Customer support for the Hosted Service is a tricky issue. In-house customer support takes people-power and real dollars to pay people to respond to issues.
At the time of this writing, the Hosted Service is very small and composed primarily of users with OSAF. There is an emergency ticket system available, and multiple people will be paged 24x7 if an emergency ticket is submitted. Most outages of the *-demo servers are noticed and generate an alert (though not necessarily a page). This ticket system is maintained by KEI IT and the addresses are available to staff only, not end-users at this time.
When there are enough servers and customer support request to support 3-4 full time staff members in operations, the situation will be relatively clear: the system will be closely monitored 24x7, there will also be a 24x7 escalation channel, and there will be full-time people whose job it is to answer customer support emails.
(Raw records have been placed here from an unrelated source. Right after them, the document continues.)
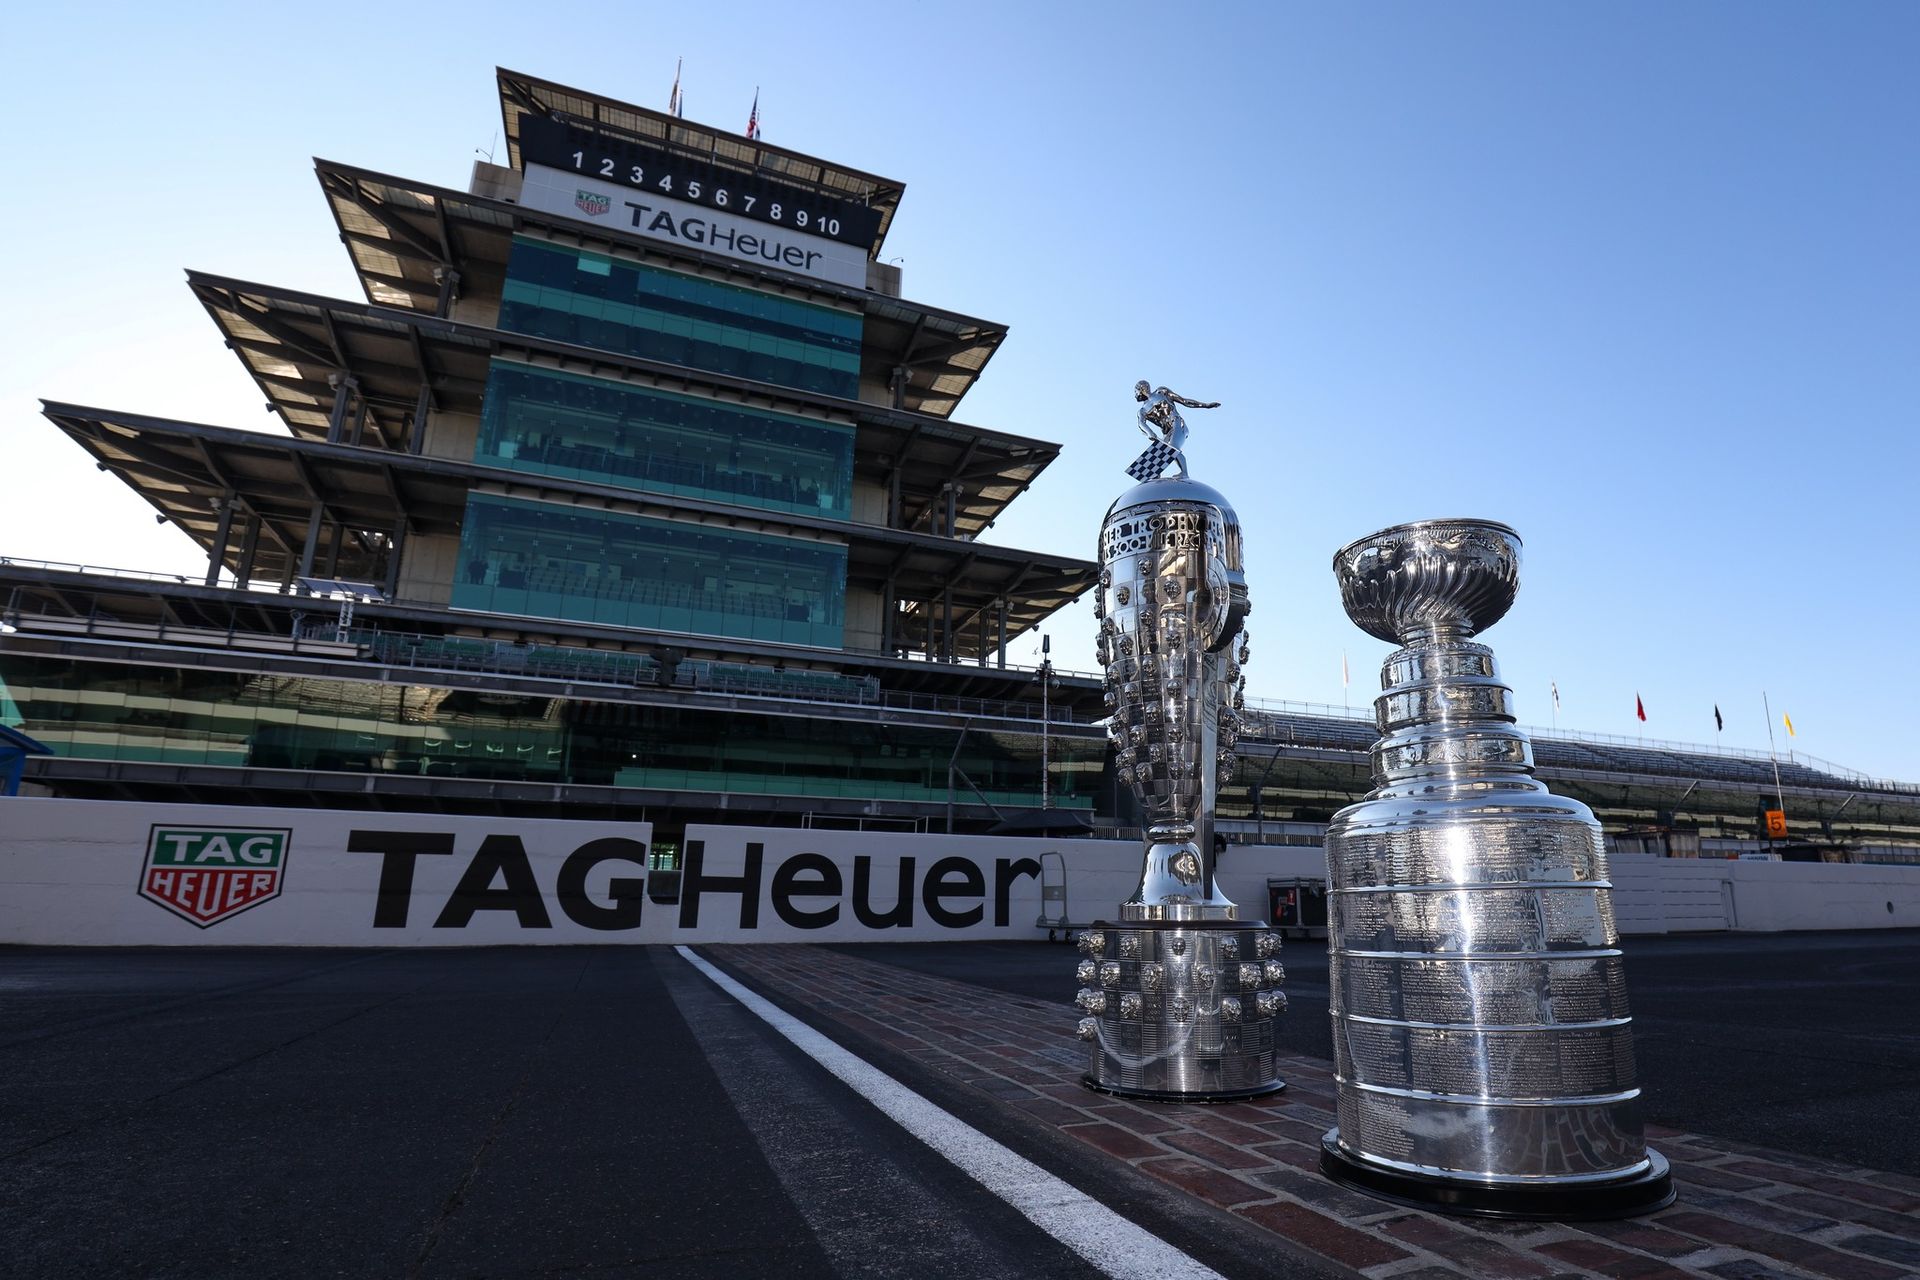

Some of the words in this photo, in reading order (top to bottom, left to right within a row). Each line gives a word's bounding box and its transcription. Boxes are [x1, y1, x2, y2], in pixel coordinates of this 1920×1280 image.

[573, 151, 584, 169] 1
[600, 158, 614, 177] 2
[630, 165, 644, 184] 3
[658, 174, 673, 192] 4
[687, 181, 701, 199] 5
[715, 188, 729, 206] 6
[744, 195, 757, 213] 7
[769, 203, 783, 221] 8
[796, 210, 808, 227] 9
[817, 216, 840, 236] 10
[579, 192, 608, 204] TAG
[1771, 816, 1782, 831] 5
[163, 833, 274, 864] TAG
[151, 870, 273, 917] HEUER
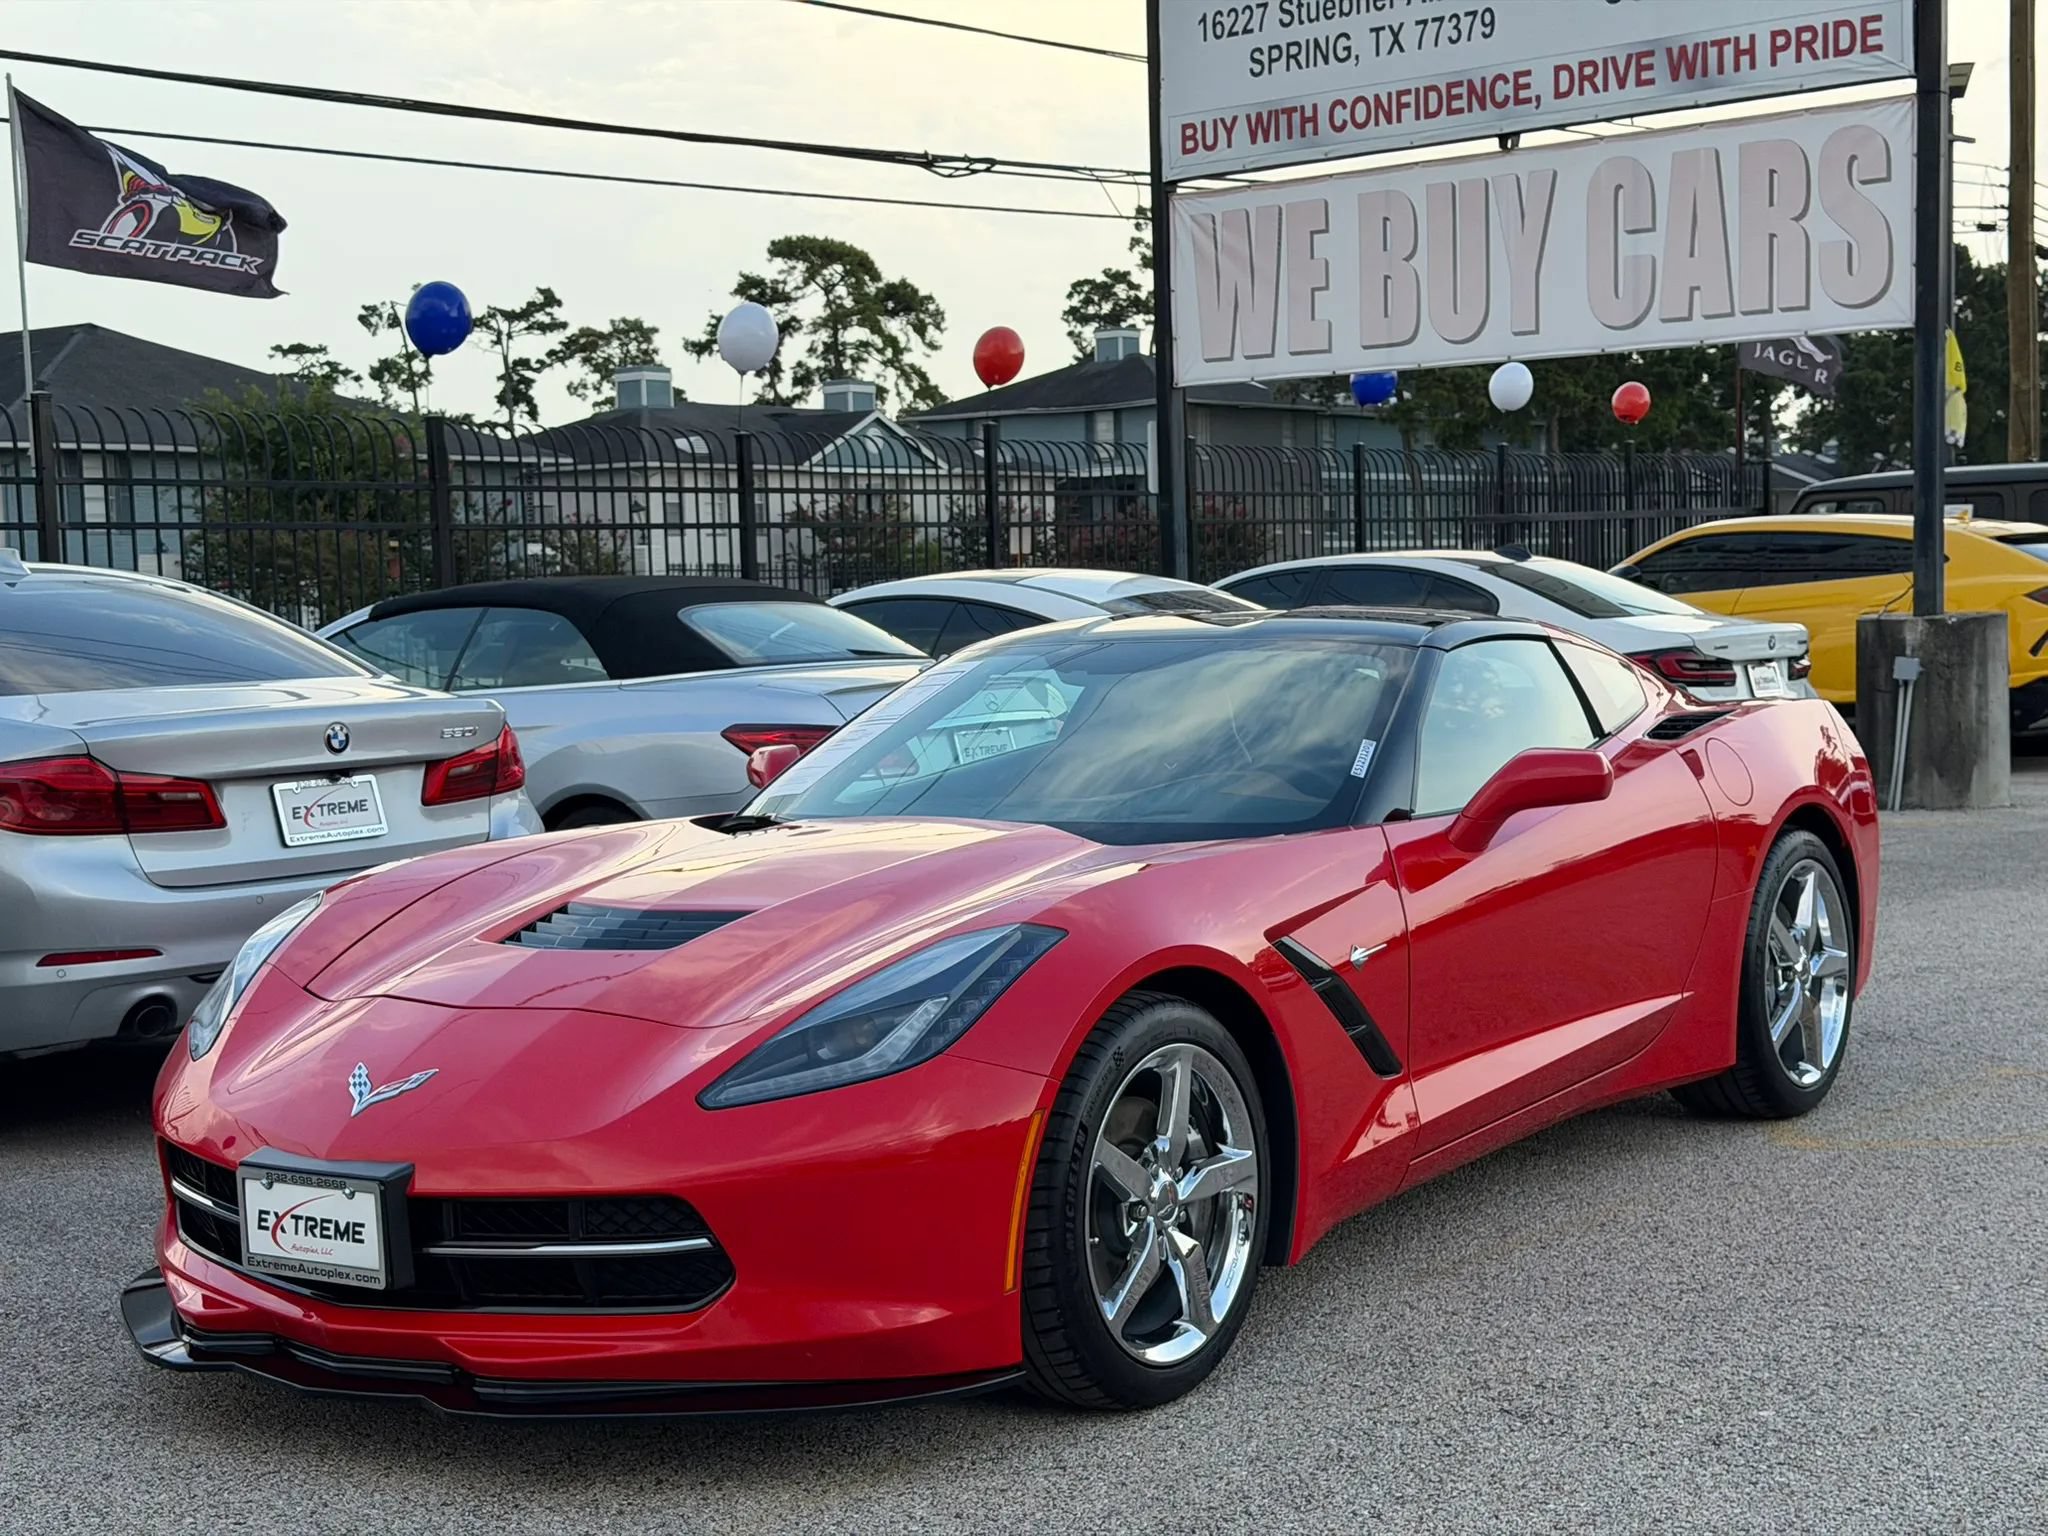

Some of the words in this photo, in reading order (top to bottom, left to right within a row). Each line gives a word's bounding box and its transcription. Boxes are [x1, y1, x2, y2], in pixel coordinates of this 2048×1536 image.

[1197, 3, 1269, 42] 16227
[1249, 32, 1360, 78] SPRING,
[1369, 22, 1406, 58] TX
[1415, 7, 1496, 51] 77379
[1180, 115, 1238, 156] BUY
[1246, 103, 1319, 145] WITH
[1328, 69, 1541, 134] CONFIDENCE,
[1553, 50, 1655, 100] DRIVE
[1666, 33, 1756, 82] WITH
[1769, 14, 1884, 67] PRIDE
[1190, 198, 1333, 363] WE
[1358, 168, 1558, 350] BUY
[1586, 124, 1894, 331] CARS
[1754, 342, 1829, 385] JAGR
[292, 799, 369, 820] EXTREME
[257, 1208, 366, 1244] EXTREME
[247, 1256, 381, 1285] ExtremeAutoplex.com
Between now and 4 full-time staff, the support question is less clear. There are three tactics in use to address this "bridge" period.
- Leverage KEI IT services and place as many servers as possible under primary responsibility of KEI IT support
- GNi, our colocation provider, will be engaged at some point to provide systems-level monitoring and response 24x7. This will be a little rocky but may help improve response times and coverage with requiring in-house full-time hires.
- We will be growth-driven. The plan is to get by with what support resources we have for now, and when the support load grows sufficient, at that point hire or outsource or take other action to bring the support hassle under control.
Beta rough guess
Here's a current-best shot at what's in the Hosted Service Beta:
- Cosmo: Supported, production instance of Cosmo provided to the public for free
- Load balancing: User data can be partitioned between physical databases and app servers can be added one-at-a-time to the app server pool
- Management dashboard: Web page with some core product metrics and graphs
- Email submission of items to collection
- Backups: Nightly copies of all data in system
- In-house NOC: Network Operations Center run almost-24x7 in-house between OSAF and KEI IT
- SSL: Not normally considered a feature, there's enough operational impact from SSL so as to want to plan towards it specifically
- Final branding: Right before Alpha, we'll be able to merge with the overall OSAF branding and move onto hopefully-final domain names before Alpha launch
- Mostly virtual hosting: The Alpha prototype will be built on top of virtual servers; by Alpha some servers will be set up as separate physical machines
- Load-tested cluster: The Alpha configuration will have been performance tested sufficiently to have a reasonable estimate of total capacity at Alpha launch
- Ticket tracker: A best-practice tool to help smooth time-consuming customer support emails
After Beta, these things would be added:
- Failover hardware: More layers of hardware can tolerate failure. It's not yet we'll have sufficient quantity of users to justify the expense of full hardware redundancy by Beta.
- 24x7 coverage: Service level standards of 15-minute response time to emergency situations 24x7.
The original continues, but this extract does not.